There are other physiological similarities between tadpole gill ventilation and hiccups, including a similar central pattern generator in the brainstem, glottal closure, and contraction of inspiratory muscles. The neurological pattern is a very simple, primitive signal from the brainstem, which controls breathing, metabolism, and other “basic” functions of the body. It is a signal easily replicable in more primitive animals, such as amphibians. In tadpoles, the glottis is closed during gill breathing as water enters the gill cavity, since without the glottal closure, the lung would be flooded by the water. Similarly, the human glottis closes at hiccup, which makes the characteristic hiccup noise. The inspiratory muscles that move air in and out of the lungs contract in both mammals and tadpoles.
The observable similarities between breathing during tadpole metamorphosis and hiccups in mammals suggest that hiccups arise from ancient gill-breathers developing primitive lungs to breathe air. Straus et al. even propose that the hiccup neural pathway is maintained to aid suckling, which involves rapid cheek aspiration and closure of the glottis to help the infant swallow the milk properly and not into the lungs. The prevalence of hiccups in healthy adults and children suggests that hiccups are not from neurological damage, which many hypotheses propose as the cause of hiccups. This is a fresh way to look at the evolutionary origins of a trait ubiquitous in mammals, well supported by the wealth of species intermediate between gill and lung breathing, which make it possible to study the transition from gill breathing to full air breathing.
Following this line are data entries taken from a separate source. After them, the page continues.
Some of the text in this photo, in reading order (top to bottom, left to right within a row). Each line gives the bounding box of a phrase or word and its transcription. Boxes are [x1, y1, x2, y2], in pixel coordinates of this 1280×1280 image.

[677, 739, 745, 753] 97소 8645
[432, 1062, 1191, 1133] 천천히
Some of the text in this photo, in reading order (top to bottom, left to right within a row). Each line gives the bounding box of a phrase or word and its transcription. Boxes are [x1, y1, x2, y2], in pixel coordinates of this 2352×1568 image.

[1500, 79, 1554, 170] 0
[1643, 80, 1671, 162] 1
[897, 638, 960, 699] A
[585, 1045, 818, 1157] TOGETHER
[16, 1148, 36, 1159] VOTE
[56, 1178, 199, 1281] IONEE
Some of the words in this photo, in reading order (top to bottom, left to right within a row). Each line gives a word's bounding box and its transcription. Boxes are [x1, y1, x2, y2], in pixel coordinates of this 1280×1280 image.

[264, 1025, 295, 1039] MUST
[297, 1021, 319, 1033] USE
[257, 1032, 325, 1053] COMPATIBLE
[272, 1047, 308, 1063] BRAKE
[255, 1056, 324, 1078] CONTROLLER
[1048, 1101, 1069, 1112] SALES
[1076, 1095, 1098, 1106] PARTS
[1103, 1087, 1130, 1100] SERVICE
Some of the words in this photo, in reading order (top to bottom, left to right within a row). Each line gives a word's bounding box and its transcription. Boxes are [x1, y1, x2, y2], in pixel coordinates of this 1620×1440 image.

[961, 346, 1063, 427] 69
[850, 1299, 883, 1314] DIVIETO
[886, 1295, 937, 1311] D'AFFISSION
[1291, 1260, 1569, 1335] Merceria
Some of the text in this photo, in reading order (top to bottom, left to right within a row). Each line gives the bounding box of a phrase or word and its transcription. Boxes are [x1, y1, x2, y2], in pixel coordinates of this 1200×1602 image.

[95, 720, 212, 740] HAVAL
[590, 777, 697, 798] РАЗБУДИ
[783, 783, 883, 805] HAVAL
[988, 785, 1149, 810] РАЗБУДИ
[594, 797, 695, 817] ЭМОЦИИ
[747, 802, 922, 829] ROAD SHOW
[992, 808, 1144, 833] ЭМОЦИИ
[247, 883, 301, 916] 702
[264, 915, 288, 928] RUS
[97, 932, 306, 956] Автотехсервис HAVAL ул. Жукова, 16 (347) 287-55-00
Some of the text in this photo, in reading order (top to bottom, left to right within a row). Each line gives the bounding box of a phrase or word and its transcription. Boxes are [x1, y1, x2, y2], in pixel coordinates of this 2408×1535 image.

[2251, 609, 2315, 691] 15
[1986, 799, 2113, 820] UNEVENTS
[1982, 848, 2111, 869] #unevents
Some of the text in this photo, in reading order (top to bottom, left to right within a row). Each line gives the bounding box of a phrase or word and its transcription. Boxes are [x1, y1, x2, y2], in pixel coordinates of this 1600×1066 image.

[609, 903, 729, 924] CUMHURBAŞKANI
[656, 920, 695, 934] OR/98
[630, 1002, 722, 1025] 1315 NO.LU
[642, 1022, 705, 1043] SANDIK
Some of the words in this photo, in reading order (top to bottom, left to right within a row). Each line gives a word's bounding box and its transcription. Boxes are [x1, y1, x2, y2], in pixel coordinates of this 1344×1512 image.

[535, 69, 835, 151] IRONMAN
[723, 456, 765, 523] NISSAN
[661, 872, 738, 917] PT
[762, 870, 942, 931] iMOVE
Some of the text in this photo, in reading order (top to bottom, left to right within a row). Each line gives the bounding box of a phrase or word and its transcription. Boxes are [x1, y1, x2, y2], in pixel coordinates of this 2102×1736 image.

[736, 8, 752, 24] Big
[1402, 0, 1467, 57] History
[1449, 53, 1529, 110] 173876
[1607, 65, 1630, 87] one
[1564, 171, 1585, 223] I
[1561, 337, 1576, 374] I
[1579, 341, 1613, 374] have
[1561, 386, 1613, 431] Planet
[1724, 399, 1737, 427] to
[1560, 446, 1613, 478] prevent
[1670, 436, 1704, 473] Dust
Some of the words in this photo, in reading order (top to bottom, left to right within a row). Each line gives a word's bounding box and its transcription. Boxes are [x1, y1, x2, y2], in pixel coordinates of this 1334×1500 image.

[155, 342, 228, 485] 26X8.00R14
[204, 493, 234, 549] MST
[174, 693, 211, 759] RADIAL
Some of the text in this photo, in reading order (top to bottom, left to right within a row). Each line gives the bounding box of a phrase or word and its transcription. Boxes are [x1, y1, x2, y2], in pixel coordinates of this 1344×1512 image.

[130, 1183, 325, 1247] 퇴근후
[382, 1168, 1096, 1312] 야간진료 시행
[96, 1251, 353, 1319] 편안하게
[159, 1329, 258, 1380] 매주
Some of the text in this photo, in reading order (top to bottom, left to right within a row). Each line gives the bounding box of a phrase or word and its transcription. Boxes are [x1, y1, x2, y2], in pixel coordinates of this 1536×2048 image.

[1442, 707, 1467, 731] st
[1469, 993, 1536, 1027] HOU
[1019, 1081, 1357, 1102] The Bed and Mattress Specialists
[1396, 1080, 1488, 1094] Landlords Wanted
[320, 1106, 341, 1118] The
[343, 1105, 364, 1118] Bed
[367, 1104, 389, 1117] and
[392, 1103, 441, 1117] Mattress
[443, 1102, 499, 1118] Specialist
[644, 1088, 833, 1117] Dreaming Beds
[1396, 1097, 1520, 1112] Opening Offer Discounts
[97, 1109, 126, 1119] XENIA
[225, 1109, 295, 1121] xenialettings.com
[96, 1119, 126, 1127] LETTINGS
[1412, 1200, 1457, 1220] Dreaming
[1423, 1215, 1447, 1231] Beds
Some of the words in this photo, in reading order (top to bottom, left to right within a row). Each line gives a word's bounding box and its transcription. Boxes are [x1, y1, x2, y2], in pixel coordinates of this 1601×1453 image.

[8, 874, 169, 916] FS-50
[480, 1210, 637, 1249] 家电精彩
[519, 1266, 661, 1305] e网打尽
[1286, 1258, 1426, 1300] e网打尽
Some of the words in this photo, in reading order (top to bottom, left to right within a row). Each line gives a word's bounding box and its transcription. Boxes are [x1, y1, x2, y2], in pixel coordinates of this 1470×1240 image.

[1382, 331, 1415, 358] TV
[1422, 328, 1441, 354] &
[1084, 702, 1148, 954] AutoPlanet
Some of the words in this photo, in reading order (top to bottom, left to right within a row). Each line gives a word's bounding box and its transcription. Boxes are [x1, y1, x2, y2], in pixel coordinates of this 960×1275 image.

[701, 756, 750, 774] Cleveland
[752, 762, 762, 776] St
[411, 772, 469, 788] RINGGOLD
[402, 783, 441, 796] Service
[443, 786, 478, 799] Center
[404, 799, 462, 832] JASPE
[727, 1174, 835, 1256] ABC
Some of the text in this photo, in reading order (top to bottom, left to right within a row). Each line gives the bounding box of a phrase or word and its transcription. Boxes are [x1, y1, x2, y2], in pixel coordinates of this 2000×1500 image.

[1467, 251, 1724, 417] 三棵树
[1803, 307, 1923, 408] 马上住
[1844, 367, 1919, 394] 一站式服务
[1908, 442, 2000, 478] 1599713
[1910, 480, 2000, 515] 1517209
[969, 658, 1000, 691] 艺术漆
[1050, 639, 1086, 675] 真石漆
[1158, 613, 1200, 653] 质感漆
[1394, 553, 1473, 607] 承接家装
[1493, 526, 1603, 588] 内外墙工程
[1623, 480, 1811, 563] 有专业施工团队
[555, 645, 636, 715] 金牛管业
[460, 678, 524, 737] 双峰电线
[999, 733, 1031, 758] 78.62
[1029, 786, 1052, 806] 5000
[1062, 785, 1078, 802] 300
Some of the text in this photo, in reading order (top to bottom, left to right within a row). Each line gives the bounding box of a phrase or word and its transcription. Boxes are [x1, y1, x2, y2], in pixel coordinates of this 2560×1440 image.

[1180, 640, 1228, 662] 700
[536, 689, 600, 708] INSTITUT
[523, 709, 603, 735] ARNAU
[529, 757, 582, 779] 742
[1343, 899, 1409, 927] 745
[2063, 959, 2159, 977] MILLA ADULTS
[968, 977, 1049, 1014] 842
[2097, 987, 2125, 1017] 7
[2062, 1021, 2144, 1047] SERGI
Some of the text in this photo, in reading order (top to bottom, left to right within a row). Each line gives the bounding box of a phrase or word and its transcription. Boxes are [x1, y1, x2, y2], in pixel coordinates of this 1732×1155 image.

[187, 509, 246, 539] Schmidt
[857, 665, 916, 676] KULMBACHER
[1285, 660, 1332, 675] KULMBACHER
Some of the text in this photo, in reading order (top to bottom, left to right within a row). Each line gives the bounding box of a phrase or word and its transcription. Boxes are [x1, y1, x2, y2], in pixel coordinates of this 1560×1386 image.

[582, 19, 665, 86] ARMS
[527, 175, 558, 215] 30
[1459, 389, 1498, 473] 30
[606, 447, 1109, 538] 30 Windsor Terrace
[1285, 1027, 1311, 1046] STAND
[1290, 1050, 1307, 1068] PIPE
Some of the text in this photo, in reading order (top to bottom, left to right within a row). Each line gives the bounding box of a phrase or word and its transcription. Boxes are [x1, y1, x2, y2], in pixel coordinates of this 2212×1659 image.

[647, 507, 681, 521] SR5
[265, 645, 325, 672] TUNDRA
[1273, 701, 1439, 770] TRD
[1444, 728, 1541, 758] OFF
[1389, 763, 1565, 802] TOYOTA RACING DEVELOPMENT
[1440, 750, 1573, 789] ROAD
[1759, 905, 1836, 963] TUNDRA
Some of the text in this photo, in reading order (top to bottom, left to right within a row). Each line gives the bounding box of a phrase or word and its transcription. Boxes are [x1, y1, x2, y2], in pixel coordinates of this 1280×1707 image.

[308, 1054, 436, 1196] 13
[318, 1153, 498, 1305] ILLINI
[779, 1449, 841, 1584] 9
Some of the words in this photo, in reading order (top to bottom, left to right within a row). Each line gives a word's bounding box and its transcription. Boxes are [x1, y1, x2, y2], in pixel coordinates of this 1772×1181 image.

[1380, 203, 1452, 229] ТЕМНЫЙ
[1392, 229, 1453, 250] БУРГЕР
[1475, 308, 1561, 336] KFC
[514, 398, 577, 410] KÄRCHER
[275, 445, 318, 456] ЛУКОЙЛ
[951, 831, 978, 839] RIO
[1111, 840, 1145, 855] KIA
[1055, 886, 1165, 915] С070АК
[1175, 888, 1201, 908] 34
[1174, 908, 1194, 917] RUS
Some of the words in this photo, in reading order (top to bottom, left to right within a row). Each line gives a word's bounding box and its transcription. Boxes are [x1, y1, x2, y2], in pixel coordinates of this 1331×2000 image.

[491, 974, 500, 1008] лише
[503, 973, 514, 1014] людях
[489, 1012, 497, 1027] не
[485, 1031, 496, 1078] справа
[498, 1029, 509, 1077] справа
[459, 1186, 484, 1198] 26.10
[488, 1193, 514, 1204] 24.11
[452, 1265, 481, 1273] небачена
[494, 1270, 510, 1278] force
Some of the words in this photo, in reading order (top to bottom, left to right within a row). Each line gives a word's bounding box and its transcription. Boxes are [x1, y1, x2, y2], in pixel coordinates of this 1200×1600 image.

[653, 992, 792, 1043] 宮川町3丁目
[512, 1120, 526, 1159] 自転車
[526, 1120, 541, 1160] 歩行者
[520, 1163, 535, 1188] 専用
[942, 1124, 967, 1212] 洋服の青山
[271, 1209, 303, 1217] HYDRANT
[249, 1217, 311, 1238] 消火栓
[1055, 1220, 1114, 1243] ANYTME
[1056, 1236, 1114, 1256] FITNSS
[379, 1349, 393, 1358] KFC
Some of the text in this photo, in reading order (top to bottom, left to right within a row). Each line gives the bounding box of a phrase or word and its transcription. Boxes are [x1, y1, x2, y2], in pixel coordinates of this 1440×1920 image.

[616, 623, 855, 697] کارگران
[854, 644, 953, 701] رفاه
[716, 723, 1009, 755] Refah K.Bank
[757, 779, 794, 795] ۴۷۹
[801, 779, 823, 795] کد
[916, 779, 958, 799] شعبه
There is no prevailing theory for the cause of hiccups. Straus et al.’s proposal could be considered more viable, as many other hypotheses treat hiccups as a malady. However, hiccups are common in humans, and most of us who hiccup do not have epilepsy. Straus et al. provide plenty of phylogenetic evidence for how hiccups might be a vestigial function from our gill-breathing days. This also reminds us that we have many vestigial or nonfunctional organs and functions, like the appendix, simply because of our evolutionary history. At least we do not have to get surgery to stop hiccups.
1. D. A. McFarling, J. O. Susac. Neurology 29, 797-801 (1979).
2. Straus et al. BioEssays 25, 182-188 (2003).
3. A. M. Dunn. The Lancet 2, 505 (1977).
4. M. Pillai, D. James. Arch. Dis. Child. 65, 1072-1075 (1990).
5. S. Launos et al. Eur. Respir. J. 6, 563-575 (1993).
6. J. J. Askenasy. Eur. Neurol. 32, 159-163 (1992).
7. D.F. Thompson, J.P. Landry. The Annals of Pharmacotherapy 31, 367-369 (1997).